Today Morgan has published its first face-to-face poll results since I made this decision, and they have rather awkwardly produced the biggest divide yet between the two measures. The respondent-allocated figure highlighted by Morgan has the Coalition with a thumping 56.5-43.5 lead, much the same as the 56-44 result from the previous poll (which was conducted on the weekend of July 9/10, with the carbon tax announcement coming on the latter date; the current poll combines the weekends of July 16/17 and July 23/24). However, the previous-election method gives the government a far happier result of 53-47. The primary votes are in fact little changed: Labor is up a point to 34.5 per cent, the Coalition down one to 47 per cent and the Greens up half to 12 per cent. What has happened is an exacerbation of the recent trend where Labor’s share of minor party and independent preferences has gone in the same direction as its level of direct support. However, I remain unconvinced that this will be replicated on polling day. The Morgan figures for non-major parties are essentially identical to those recorded from the previous election, when the Greens polled 11.8 per cent and others 6.6 per cent (compared with 12 per cent and 6.5 per cent). If we take the Morgan respondent-allocated figure at face value, this suggests Labor’s share of all non-major party preferences has slumped from 66 per cent to 49 per cent. Since nearly two thirds of these voters are Greens supporters, this seems very hard to credit. The question nonetheless remains as to why poll respondents who favour minor parties and independents have become so much less likely to nominate Labor than the Coalition, to which I don’t have an answer – but keep in mind that the solid swing against Labor in the 2010 election was not reflected in the share of preferences it received.

Nonetheless, the record should note that Morgan has published a figure of 56.5-43.5, and has done so using a method that other pollsters were happy with until about half a decade ago.

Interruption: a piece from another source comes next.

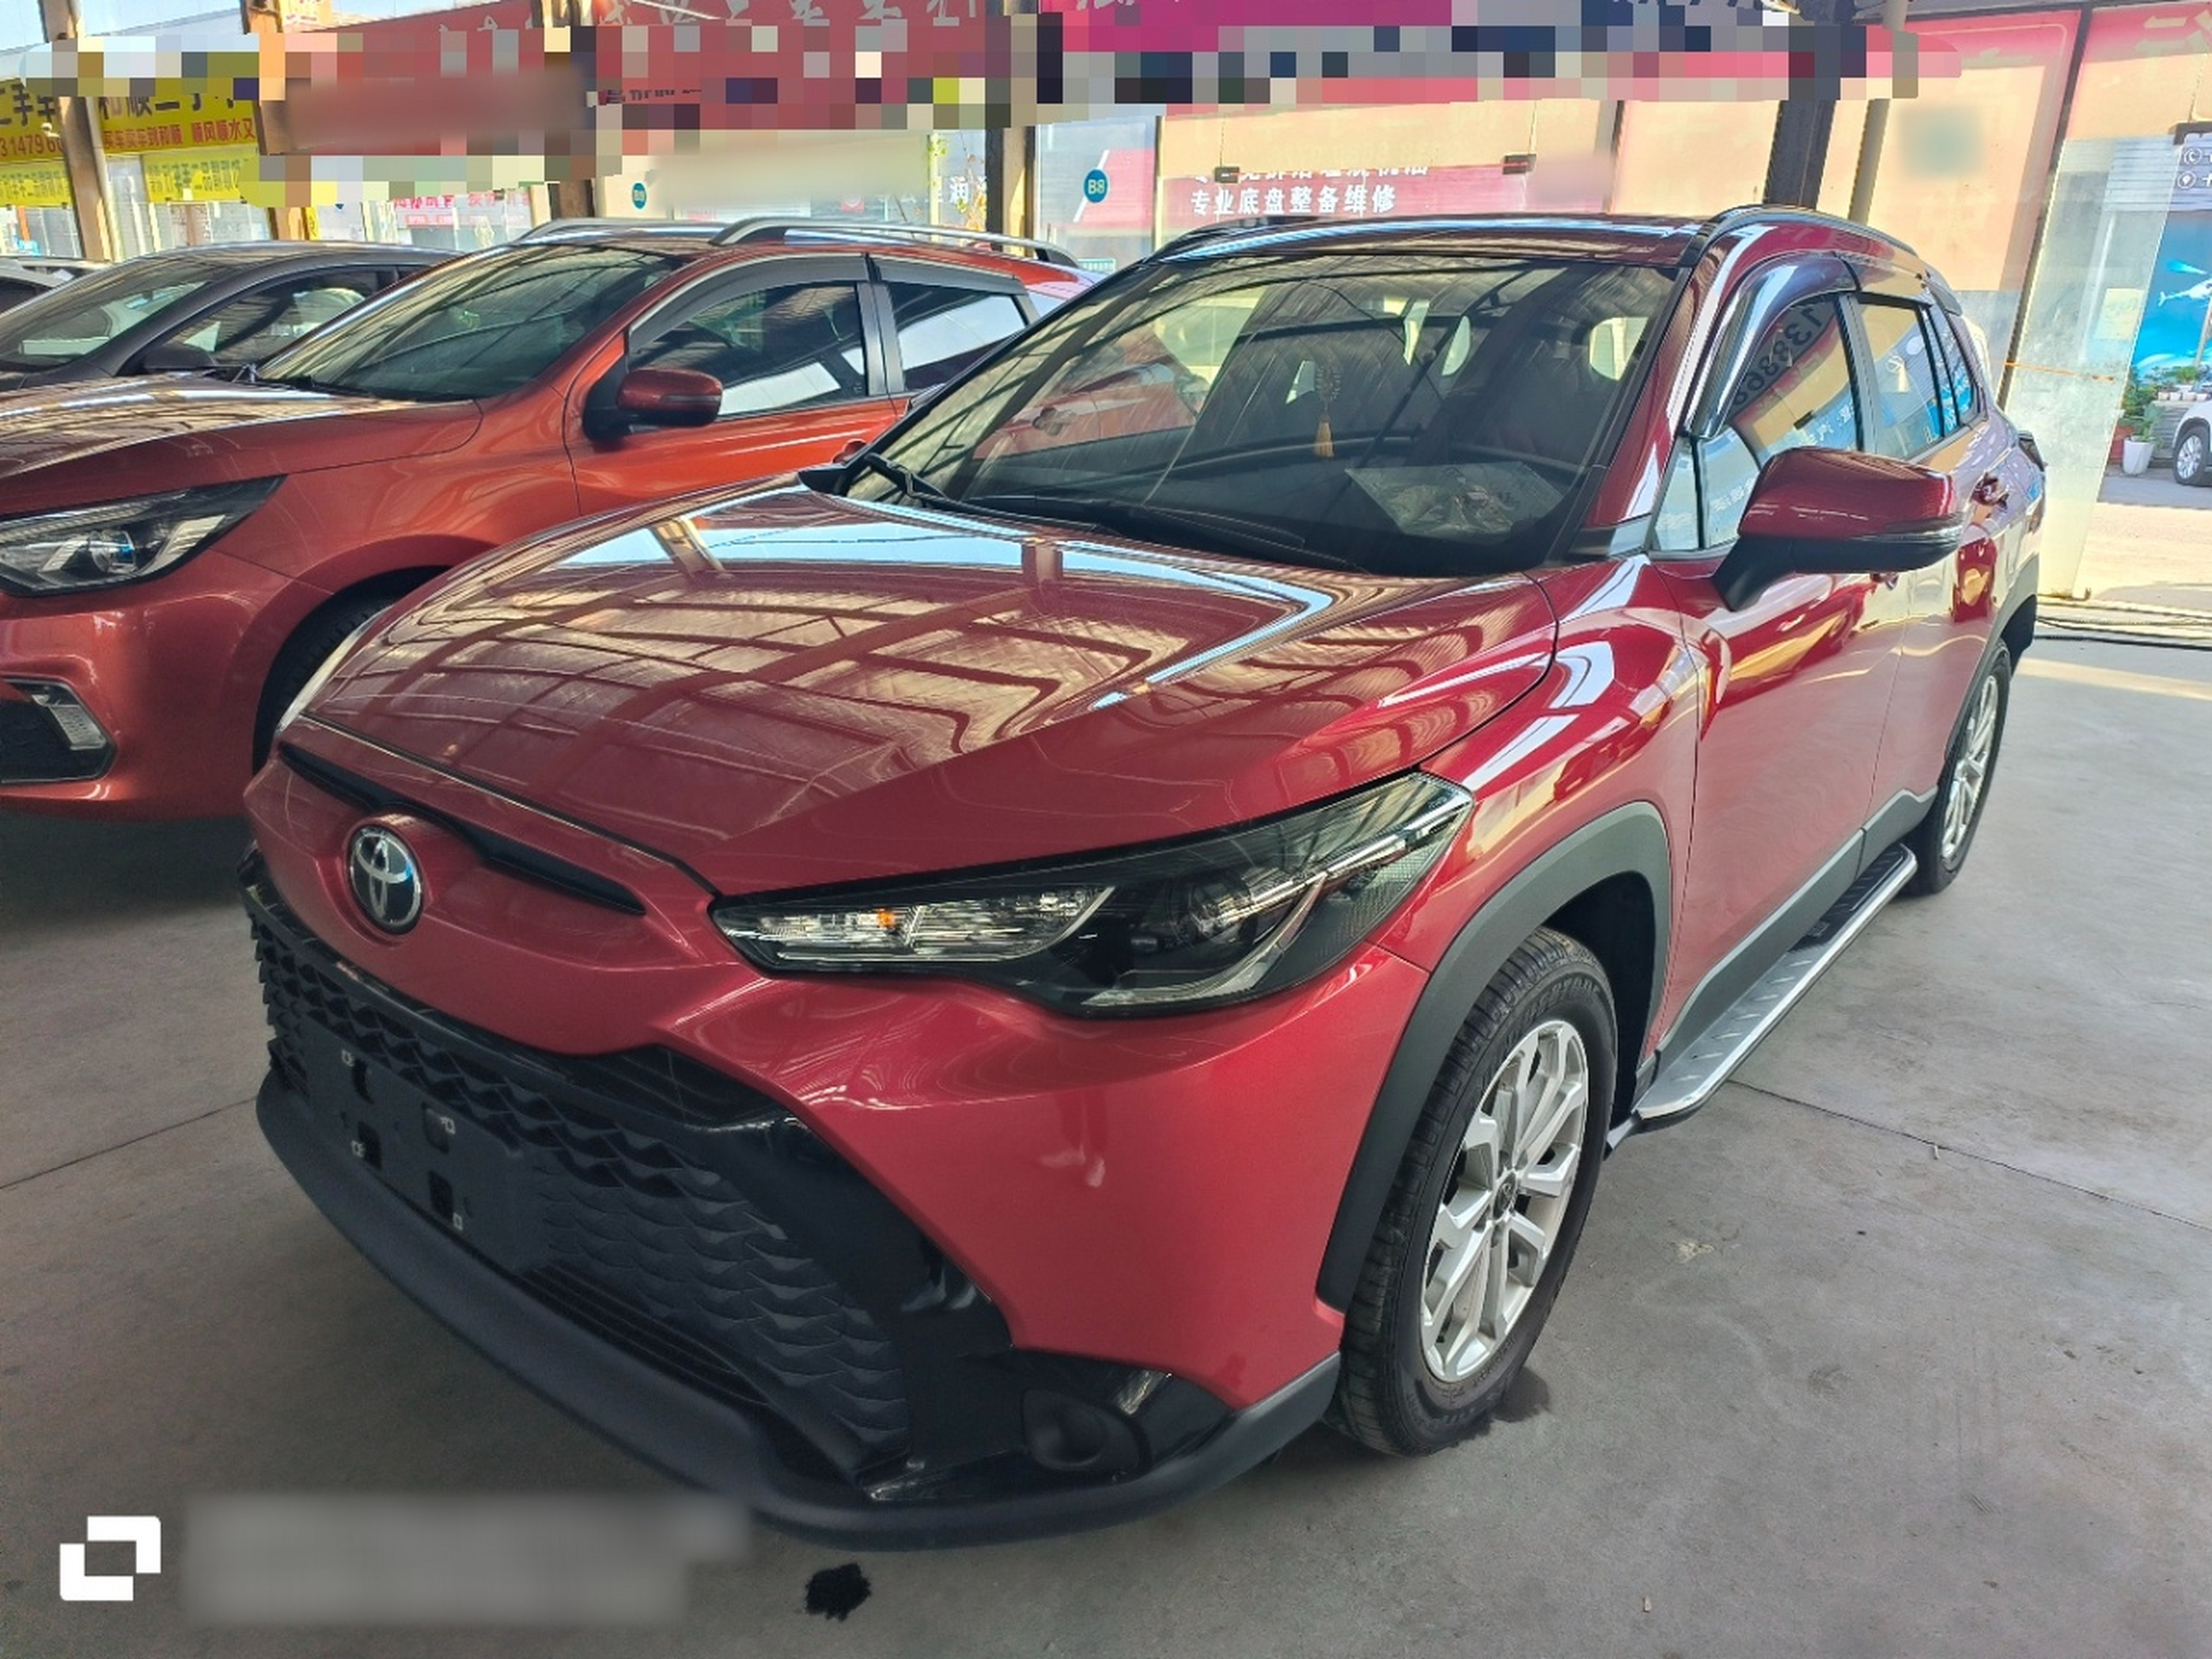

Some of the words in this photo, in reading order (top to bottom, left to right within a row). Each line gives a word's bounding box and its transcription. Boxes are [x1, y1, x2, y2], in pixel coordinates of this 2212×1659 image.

[1088, 179, 1105, 194] B8
[1191, 184, 1396, 216] 专业底盘整备维修

Equally though we should note that the alternative and apparently more reliable method has produced a result solidly more favourable to Labor than other pollsters have been producing of late. This brings us back to the old issue of the strong lean to Labor which has traditionally been evident in Morgan face-to-face polls, which the recent anti-Labor trend of respondent-allocated preferences has obscured. This point is illustrated by a chart I produced last month showing how Morgan face-to-face results (along with Essential and Nielsen) have differed from Newspoll since the start of 2009. As you can see from the two measures provided by Morgan, the issue of which preference method used was largely academic until the start of this year, when the present gap began to open. On this basis Morgan had become less favourable to Labor than Newspoll using the respondent-allocated method; its previous-election results remained more favourable, though only to the tune of about one point rather than the traditional three.

Author: William Bowe

William Bowe is a Perth-based election analyst and occasional teacher of political science. His blog, The Poll Bludger, has existed in one form or another since 2004, and is one of the most heavily trafficked websites on Australian politics.

2,646 comments on “Morgan: 56.5-43.5 to Coalition”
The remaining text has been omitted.